Once you merge, the countdown starts
Once you merge, the countdown starts
One year until your policies should match
Beware: Once you merge with another facility, the clock starts ticking. After one year, surveyors from the Joint Commission on Accreditation of Healthcare Organizations are likely to examine whether you have uniform policies and procedures in your case management department.
"The Joint Commission sees you as one entity," explains Cheryl Sangermano, RN, BSN, CNOR, director of ambulatory surgery at Grant Medical Center in Columbus, OH. Grant Medical Center and Riverside Methodist Hospital, which previously were separate entities within the Ohio Health system, merged in the summer of 1996. Grant underwent a mock Joint Commission survey in June 1997.

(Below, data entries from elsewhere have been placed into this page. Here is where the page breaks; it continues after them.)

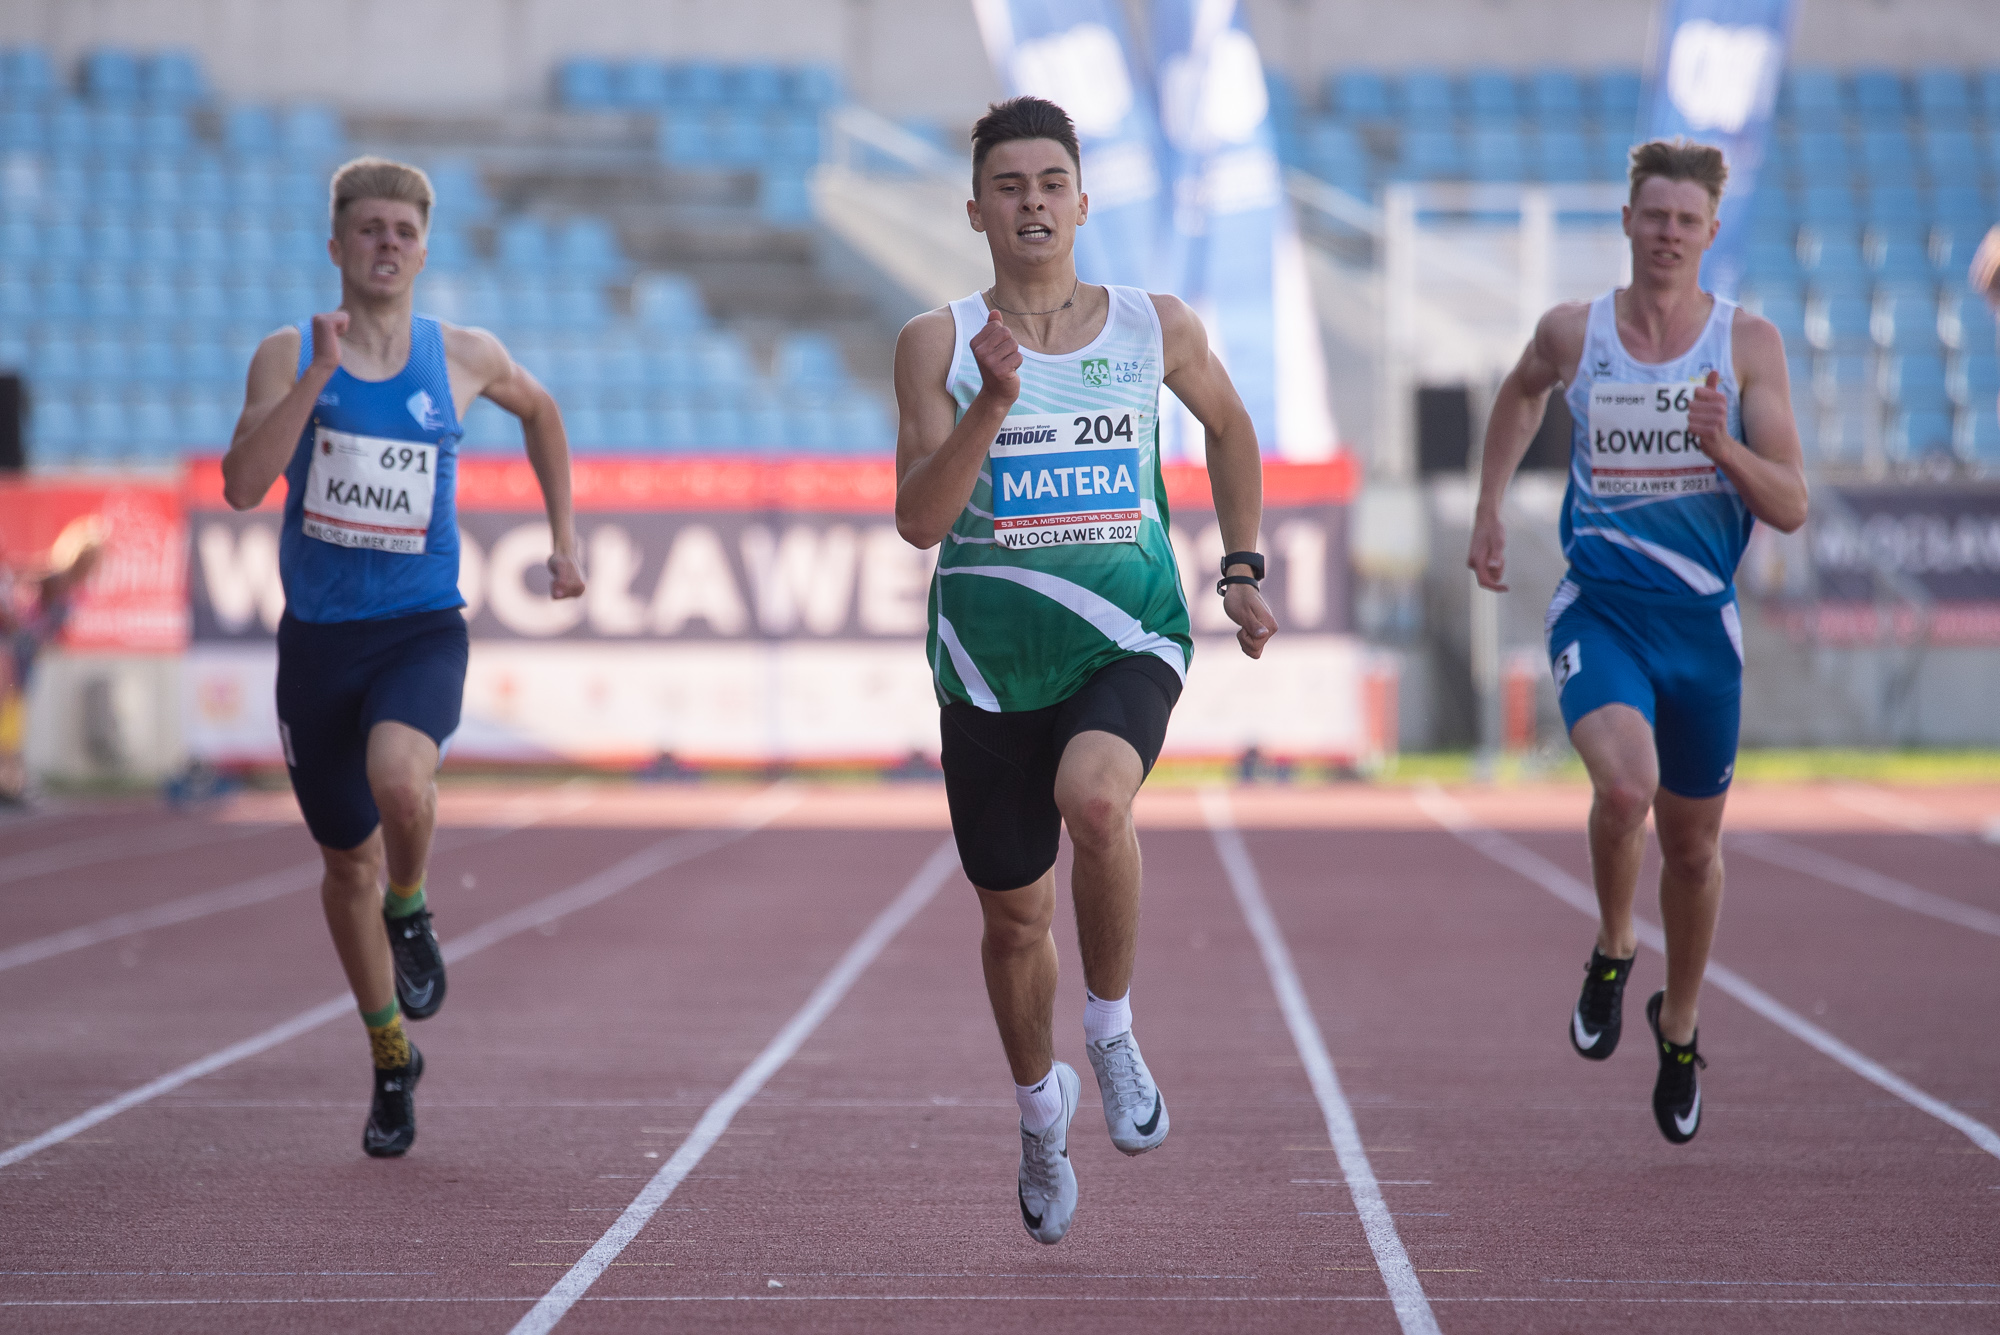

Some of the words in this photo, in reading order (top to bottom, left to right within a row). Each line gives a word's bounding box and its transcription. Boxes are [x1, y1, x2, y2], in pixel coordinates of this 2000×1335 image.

[1115, 361, 1138, 372] AZS
[1655, 388, 1689, 413] 56
[1073, 414, 1133, 445] 204
[1595, 428, 1700, 454] ŁOWICK
[379, 446, 428, 474] 691
[1002, 464, 1136, 502] MATERA
[1681, 478, 1710, 491] 2021
[326, 478, 412, 515] KANIA
[1016, 519, 1039, 527] PZLA
[1039, 515, 1099, 525] MISTRZOSTWA
[1100, 513, 1127, 521] POLSKI
[1003, 526, 1106, 547] WŁOCŁAWEK
[1108, 525, 1138, 540] 2021
[1559, 653, 1571, 687] 3
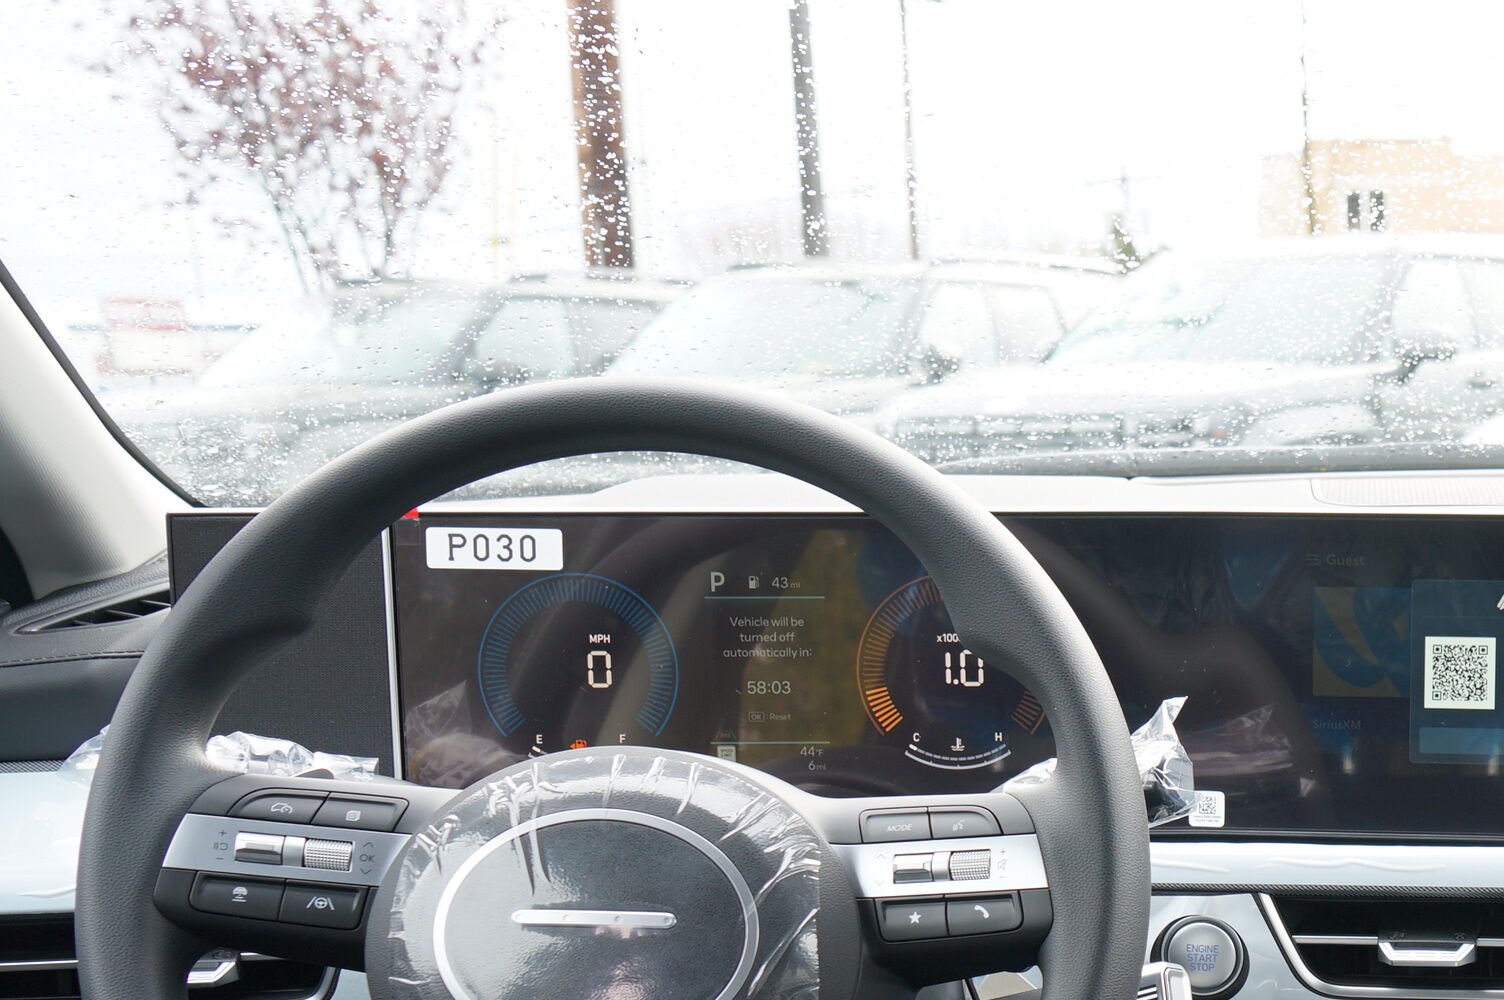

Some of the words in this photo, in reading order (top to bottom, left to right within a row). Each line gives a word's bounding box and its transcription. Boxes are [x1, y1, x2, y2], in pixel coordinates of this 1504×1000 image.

[448, 533, 537, 563] P030
[1326, 553, 1367, 566] Guest
[710, 572, 725, 592] P
[771, 576, 789, 589] 43
[729, 616, 769, 627] Vehicle
[771, 616, 789, 627] will
[790, 616, 805, 627] be
[589, 634, 611, 644] MPH
[740, 632, 777, 642] turned
[779, 632, 795, 642] off
[936, 633, 960, 643] x100
[723, 648, 797, 660] automatically
[799, 648, 813, 658] in:
[587, 651, 613, 689] 0
[945, 649, 984, 687] 1.0
[747, 681, 791, 695] 58:03
[536, 734, 543, 744] E
[619, 734, 626, 744] F
[912, 732, 921, 743] C
[994, 732, 1003, 742] H
[808, 761, 816, 771] 6
[816, 763, 826, 771] mi
[887, 823, 913, 833] MODE
[360, 854, 375, 862] OK
[1186, 944, 1220, 954] ENGINE
[1186, 954, 1218, 963] START
[1190, 962, 1215, 972] STOP
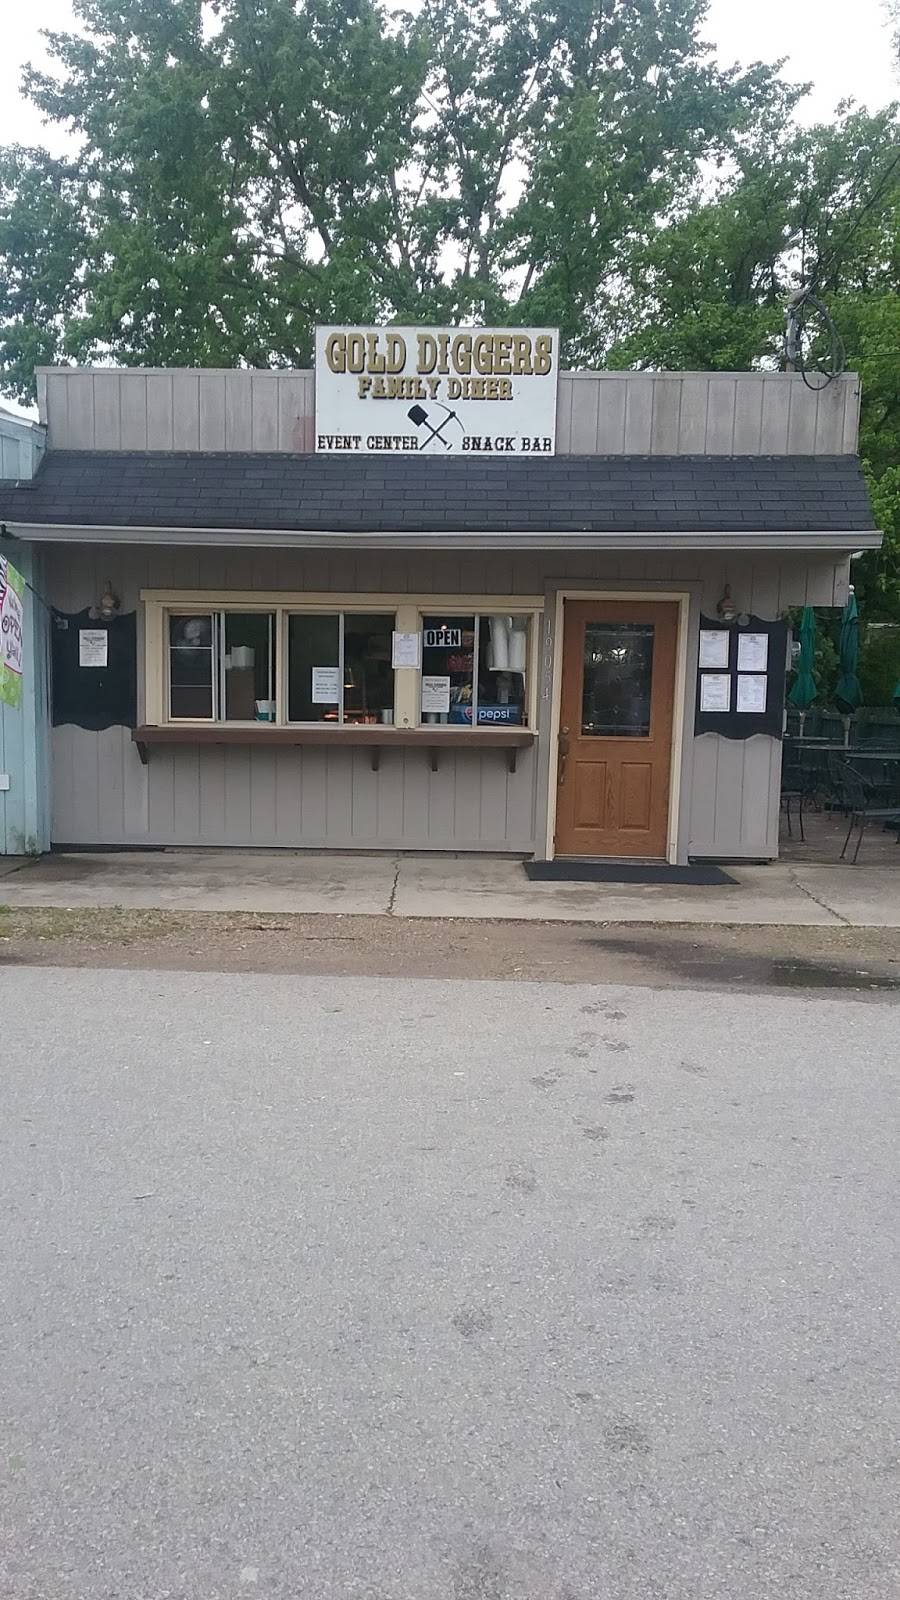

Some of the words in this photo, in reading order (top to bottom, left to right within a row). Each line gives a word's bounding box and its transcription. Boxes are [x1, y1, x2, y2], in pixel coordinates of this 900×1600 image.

[325, 333, 407, 374] GOLD
[416, 334, 553, 376] DIGGERS
[358, 376, 441, 400] FAMILY
[447, 377, 514, 401] DINER
[318, 435, 361, 450] EVENT
[366, 435, 419, 451] CENTER
[462, 436, 517, 452] SNACK
[520, 437, 552, 452] BAR
[427, 631, 459, 646] OPEN
[479, 709, 510, 720] pepsi
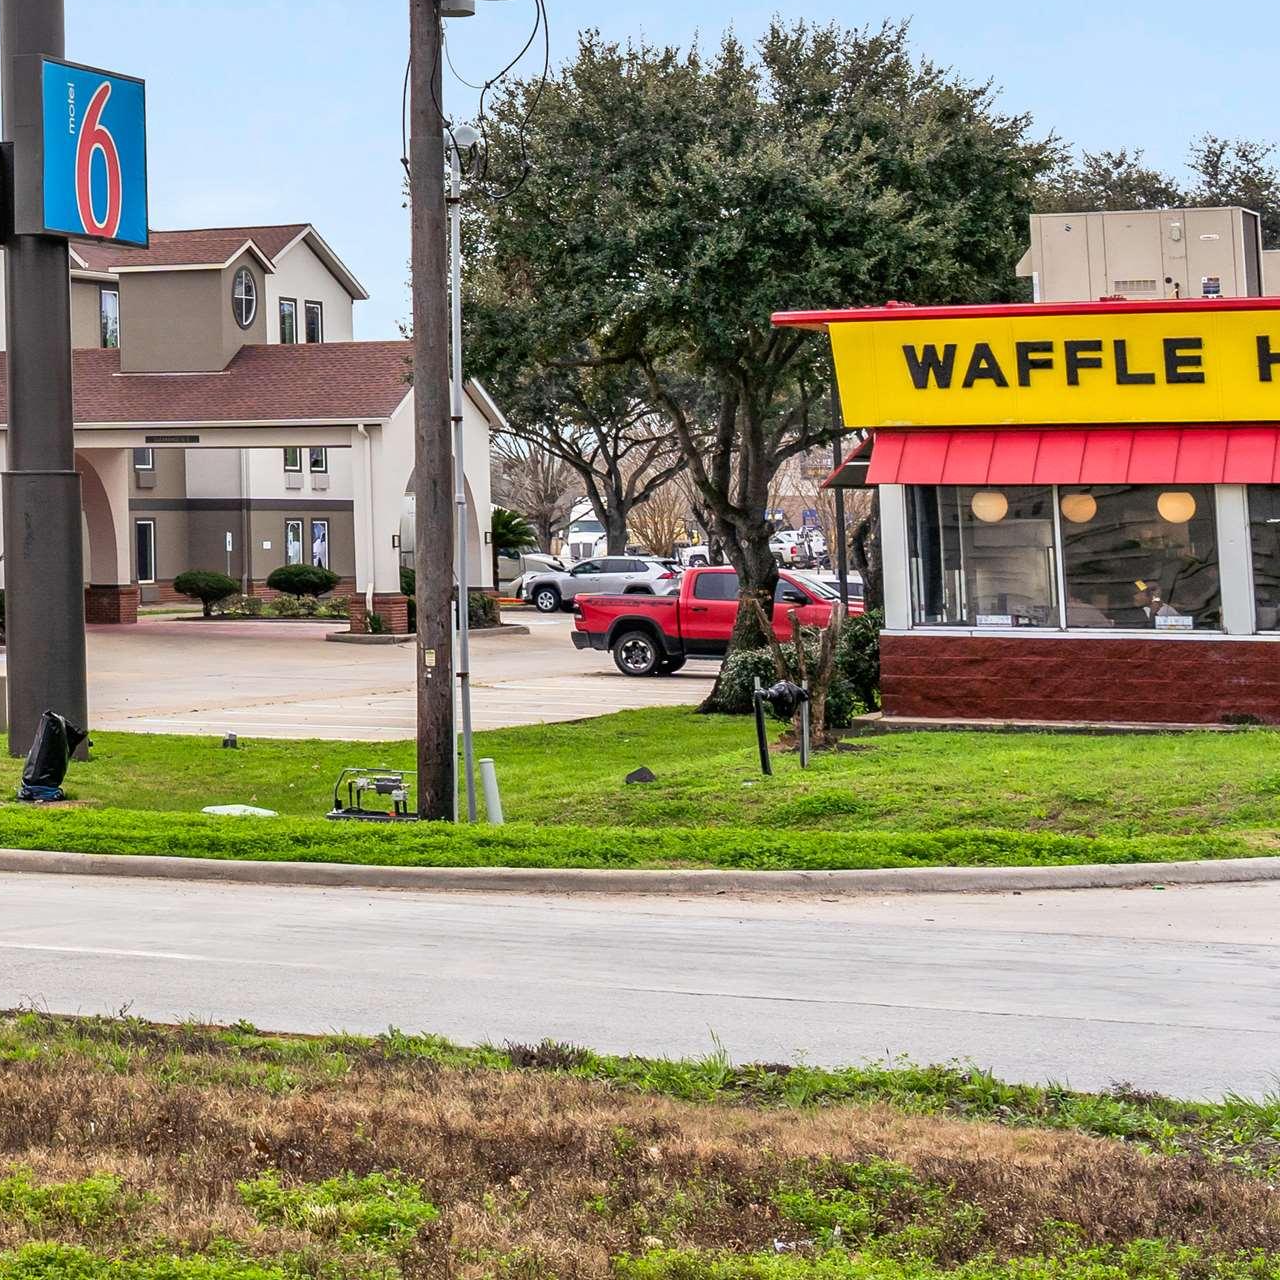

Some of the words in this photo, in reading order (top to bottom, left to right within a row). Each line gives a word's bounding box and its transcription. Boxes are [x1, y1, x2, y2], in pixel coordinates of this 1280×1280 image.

[67, 81, 76, 135] motel
[75, 80, 122, 239] 6
[902, 337, 1206, 390] WAFFLE

"Their comment to us was that, 'You have a one-year honeymoon. Then we see you as one, and your policies and procedures have to be the same across the board,'" Sangermano says.
On the record, while Joint Commission staff says there isn't a hard-and-fast timetable regarding merged policies and procedures, there are expectations. "It would depend on the policy and depend on where they are in the process" of merging, says Paul VanOstenberg, DDS, MS, director of the department of standards. "Were they just acquired in the previous months? Our expectations are lower. If it was a year ago, our expectation would be that everything would be aligned. It depends on what's reasonable for the organizations."